** Opening THE DATA block **

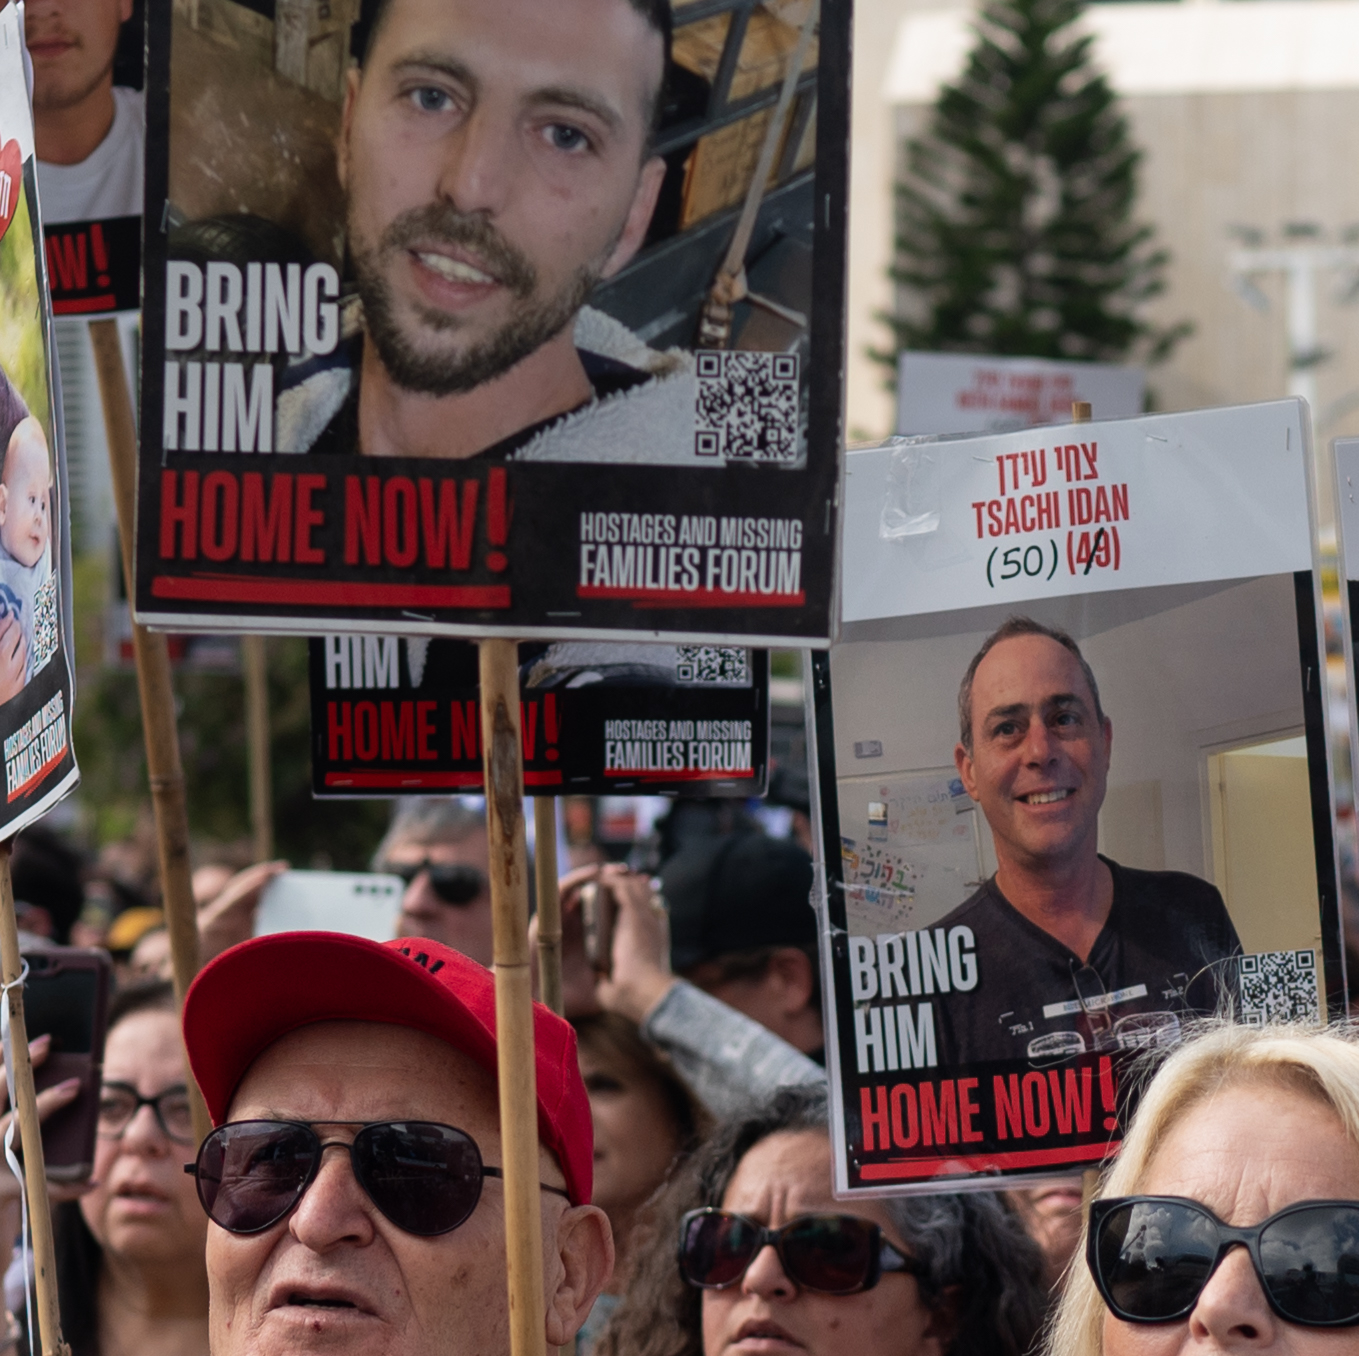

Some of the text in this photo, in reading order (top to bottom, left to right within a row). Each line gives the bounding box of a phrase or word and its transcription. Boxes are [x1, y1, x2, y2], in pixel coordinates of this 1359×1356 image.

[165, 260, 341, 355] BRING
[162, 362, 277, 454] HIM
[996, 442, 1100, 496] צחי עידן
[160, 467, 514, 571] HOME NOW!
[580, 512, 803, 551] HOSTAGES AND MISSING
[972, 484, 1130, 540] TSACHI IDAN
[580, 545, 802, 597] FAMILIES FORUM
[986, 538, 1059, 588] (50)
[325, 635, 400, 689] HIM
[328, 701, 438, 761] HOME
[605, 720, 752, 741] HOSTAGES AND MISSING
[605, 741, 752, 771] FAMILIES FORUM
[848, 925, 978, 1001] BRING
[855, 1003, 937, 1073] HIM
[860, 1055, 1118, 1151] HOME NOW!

** Closing THE DATA block **

[TASK DESCRIPTION]:
All of the data is to be reproduced exactly, with the pictures left out.

[EXERCISE RESPONSE]:
Some of the text in this photo, in reading order (top to bottom, left to right within a row). Each line gives the bounding box of a phrase or word and its transcription. Boxes are [x1, y1, x2, y2], in pixel coordinates of this 1359×1356 image.

[165, 260, 341, 355] BRING
[162, 362, 277, 454] HIM
[996, 442, 1100, 496] צחי עידן
[160, 467, 514, 571] HOME NOW!
[580, 512, 803, 551] HOSTAGES AND MISSING
[972, 484, 1130, 540] TSACHI IDAN
[580, 545, 802, 597] FAMILIES FORUM
[986, 538, 1059, 588] (50)
[325, 635, 400, 689] HIM
[328, 701, 438, 761] HOME
[605, 720, 752, 741] HOSTAGES AND MISSING
[605, 741, 752, 771] FAMILIES FORUM
[848, 925, 978, 1001] BRING
[855, 1003, 937, 1073] HIM
[860, 1055, 1118, 1151] HOME NOW!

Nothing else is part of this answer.